Transfer functions for each and every noise source have been checked and the BW of the overall system has been chosen accordingly. Jitter can be defined as "the short-term variation of a signal relative to its ideal position in time. To calculate the total jitter, the first step is to model each sub-block of the PLL in cadence.
The PLL scheme with phase noise injection for each sub-block is given in Fig. In theory and with perfect measurement equipment, phase noise measured for an infinite carrier shift would give the same value as jitter. Then all the CSV file generated from PSS will be added to the system shown in Fig. 5.1. After that, the next task is the simulation of noise profile generation after filtering by PLL.
So, at the limit of PLL, design consideration has been taken, considering lower minimum voltage of all power sources. The input noise of crystal inside the LOOP-BW is passed unfiltered and high frequency noise ie 3000 ppm Frequency accuracy of the synthesized clock with respect to target value measured over 100us time.

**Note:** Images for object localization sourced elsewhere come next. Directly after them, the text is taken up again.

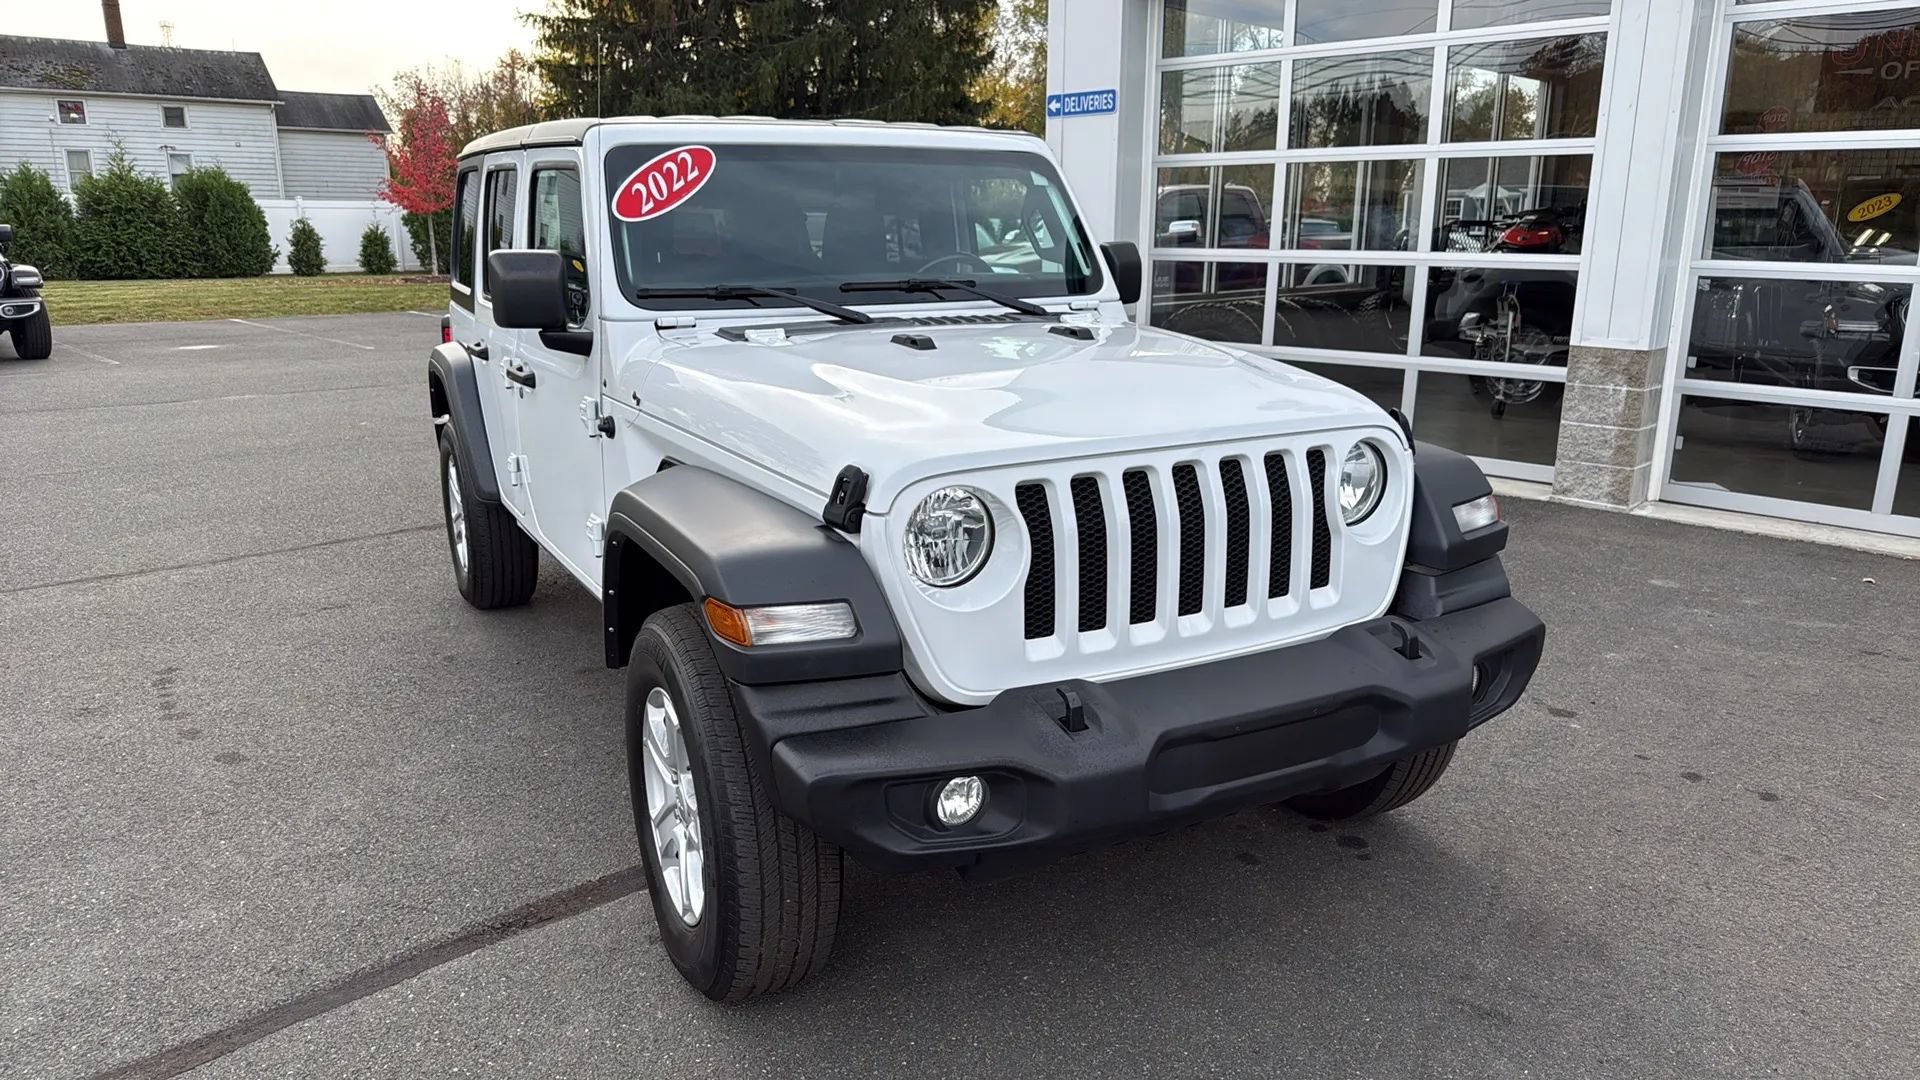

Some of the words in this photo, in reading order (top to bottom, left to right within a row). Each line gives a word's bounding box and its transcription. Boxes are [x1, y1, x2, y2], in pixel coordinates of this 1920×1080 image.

[1064, 93, 1114, 113] DELIVERIES
[631, 151, 699, 214] 2022
[1858, 196, 1892, 218] 2023
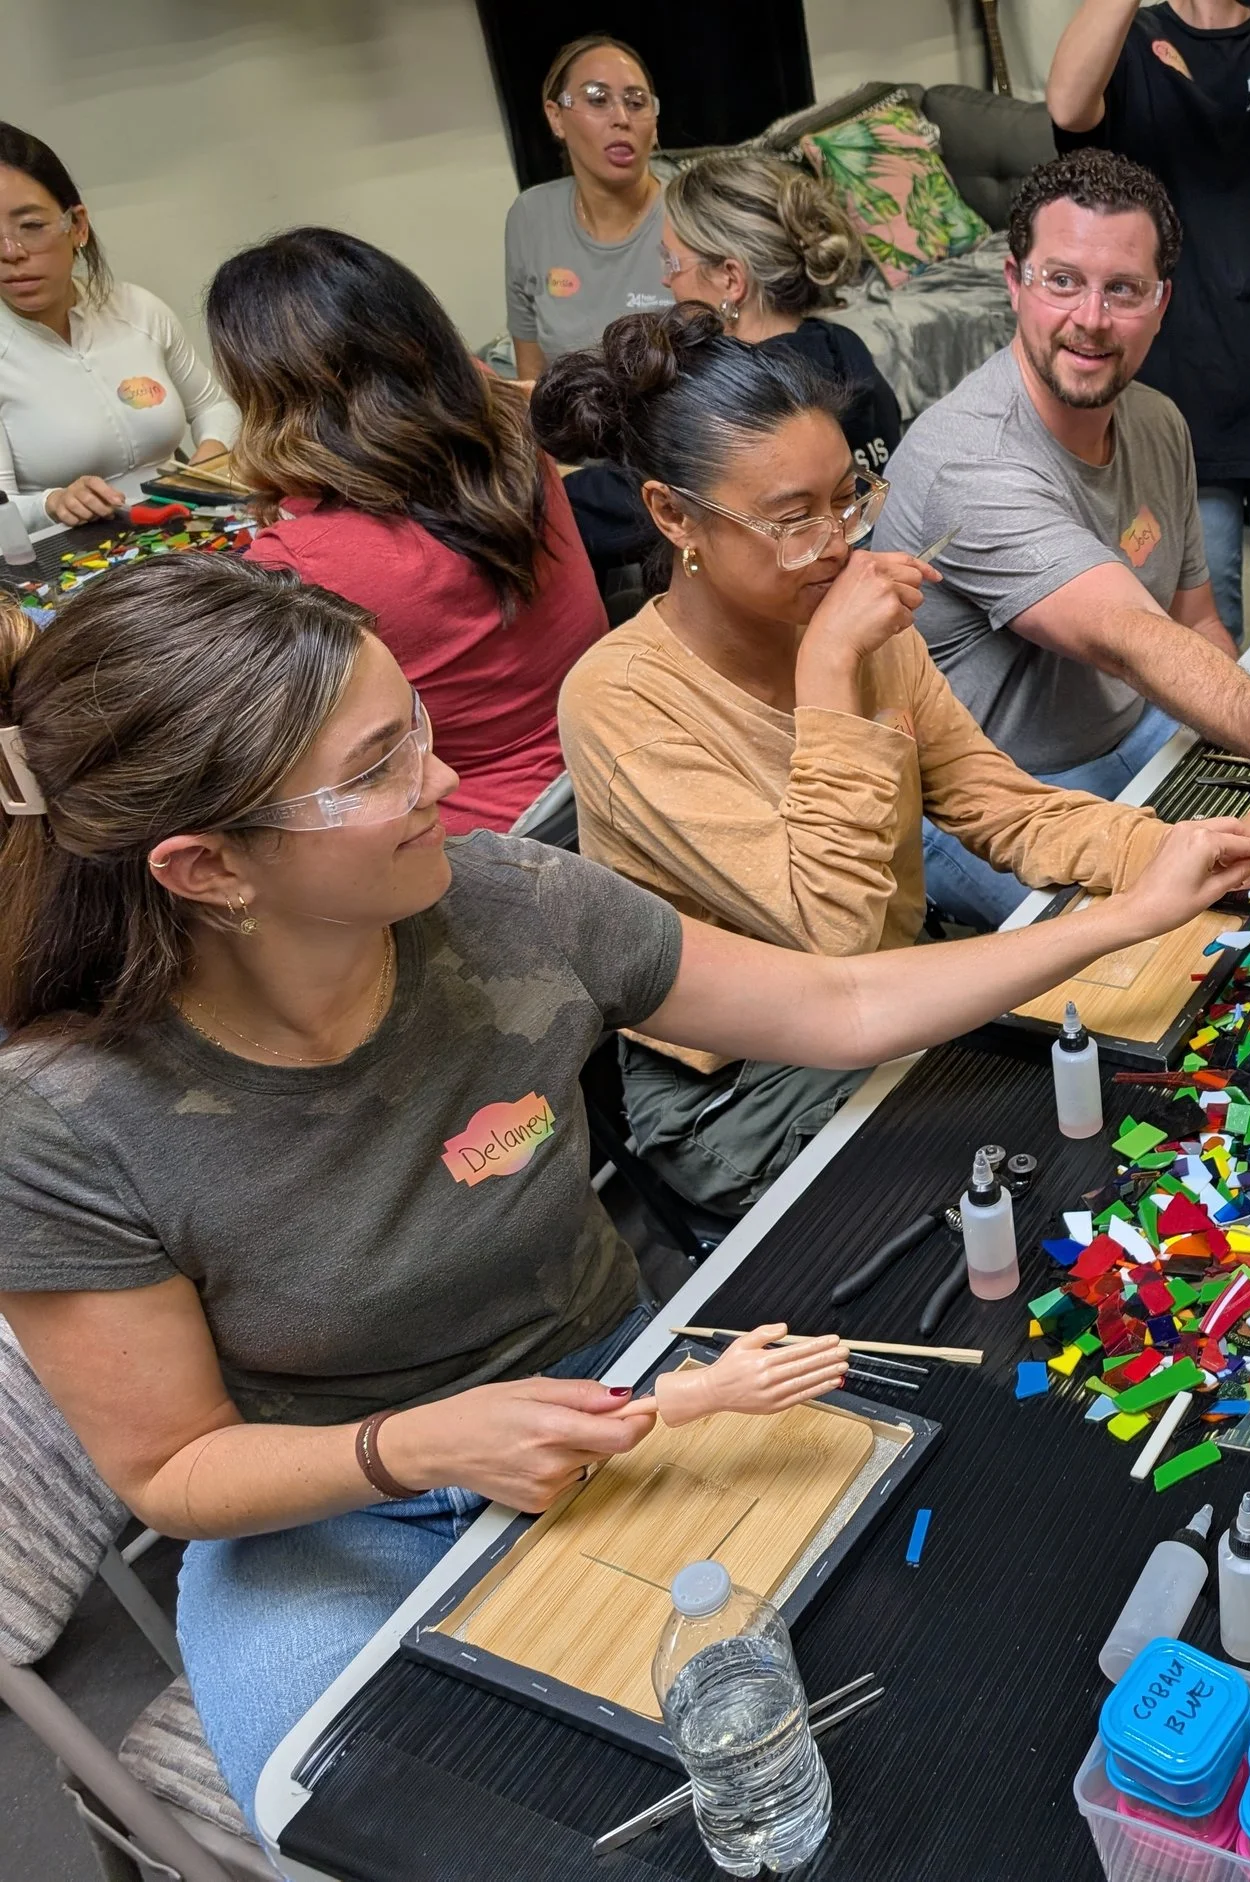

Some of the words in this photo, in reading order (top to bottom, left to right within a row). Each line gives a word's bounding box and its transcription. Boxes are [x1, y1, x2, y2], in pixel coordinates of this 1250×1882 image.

[866, 437, 889, 467] IS
[1128, 522, 1156, 553] Joey
[458, 1104, 549, 1174] Delaney
[1164, 1676, 1215, 1736] BLUE
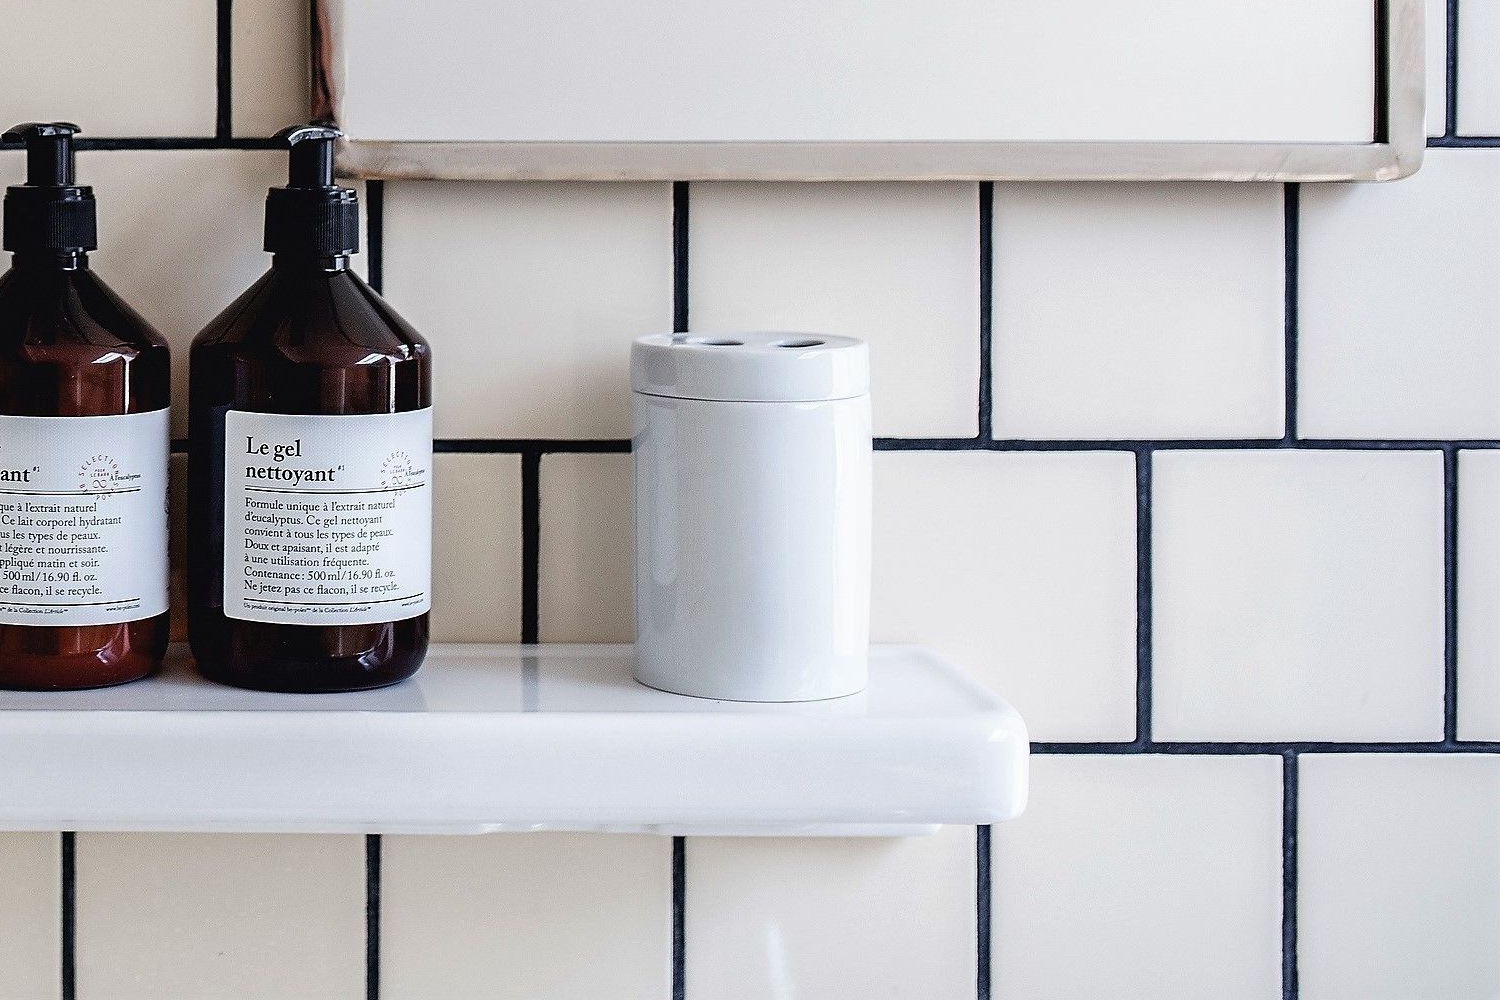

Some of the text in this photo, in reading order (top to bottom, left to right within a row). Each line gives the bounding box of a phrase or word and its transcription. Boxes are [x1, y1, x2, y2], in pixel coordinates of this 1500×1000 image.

[246, 436, 302, 461] Le gel
[246, 466, 335, 486] nettoyant
[17, 502, 22, 512] à
[26, 502, 60, 513] l'extrait
[64, 503, 97, 513] naturel
[245, 497, 395, 514] Formule unique à l'extrait naturel
[2, 516, 15, 526] Ce
[18, 517, 33, 526] lait
[36, 517, 76, 529] corporel
[79, 516, 121, 528] hydratant
[306, 516, 321, 525] Ce
[324, 516, 338, 528] gel
[341, 516, 382, 528] nettoyant
[13, 530, 25, 540] les
[28, 532, 53, 544] types
[57, 530, 68, 541] de
[71, 531, 101, 543] peaux.
[245, 527, 283, 538] convient
[286, 528, 291, 537] à
[294, 530, 314, 538] tous
[317, 529, 329, 539] les
[332, 530, 355, 541] types
[358, 528, 367, 538] de
[5, 543, 33, 557] légère
[36, 546, 45, 554] et
[48, 545, 108, 554] nourrissante.
[245, 539, 269, 550] Doux
[271, 542, 279, 550] et
[282, 543, 324, 555] apaisant,
[326, 544, 332, 553] il
[351, 542, 380, 554] adapté
[38, 558, 65, 568] matin
[69, 559, 77, 568] et
[81, 558, 99, 567] soir.
[244, 553, 369, 569] à une utilisation fréquente.
[73, 572, 81, 582] fl.
[375, 569, 383, 578] fl.
[0, 586, 9, 594] ce
[12, 585, 43, 596] flacon,
[46, 586, 52, 595] il
[68, 586, 102, 598] recycle.
[244, 581, 257, 590] Ne
[260, 582, 282, 594] jetez
[285, 586, 301, 596] pas
[317, 584, 348, 595] flacon,
[350, 584, 357, 594] il

The post-shared clock with frequency FREQ_pllclkout is issued on pll_clkout_o. The value of pll_fbdiv is provided by integer and fractional registers for FBDIV. Below are some examples of the relationship between the input and output frequency and the multiplication factor. Testing the silicon result::Integer PLL is taped and the silicon result needs to be proven in the future.
Testing the silicon result::Integer PLL has been taped out and silicon result has to be proven in future
Tsukahara, "A 1-V 2.4-GHz PLL synthesizer with a fully differential prescaler and a low-off-leakage charge pump," in Microwave Symposium Digest, 2003 IEEE MTT-S International, June 2003, pp. Razavi, "A Stabilization Technique for Phase-Locked Frequency Synthesizers," in Proceedings of the1999 IEEE International Symposium on Circuits and Systems (ISCAS), June 2003, vol. Huard, "A Fast-Switching PLL Frequency Synthesizer with an Un- chip passive discrete-time loop filter in 0.25-μm CMOS,” Solid-State Circuits, IEEE Journal of, vol.
Kang, “Architecture of a 3.48 mW 2.4 GHz bandgap frequency synthesizer with two-point fast alignment channel control,” in SOC. Lee, "A general theory of phase noise in electrical oscillators," Solid-State Circuits, IEEE Journal of, vol. Maneatis, “Low-Jitter and Process-Independent DLLs and PLLs Based on Self-Biased Techniques,” Solid-State Circuits, IEEE Journal of, vol.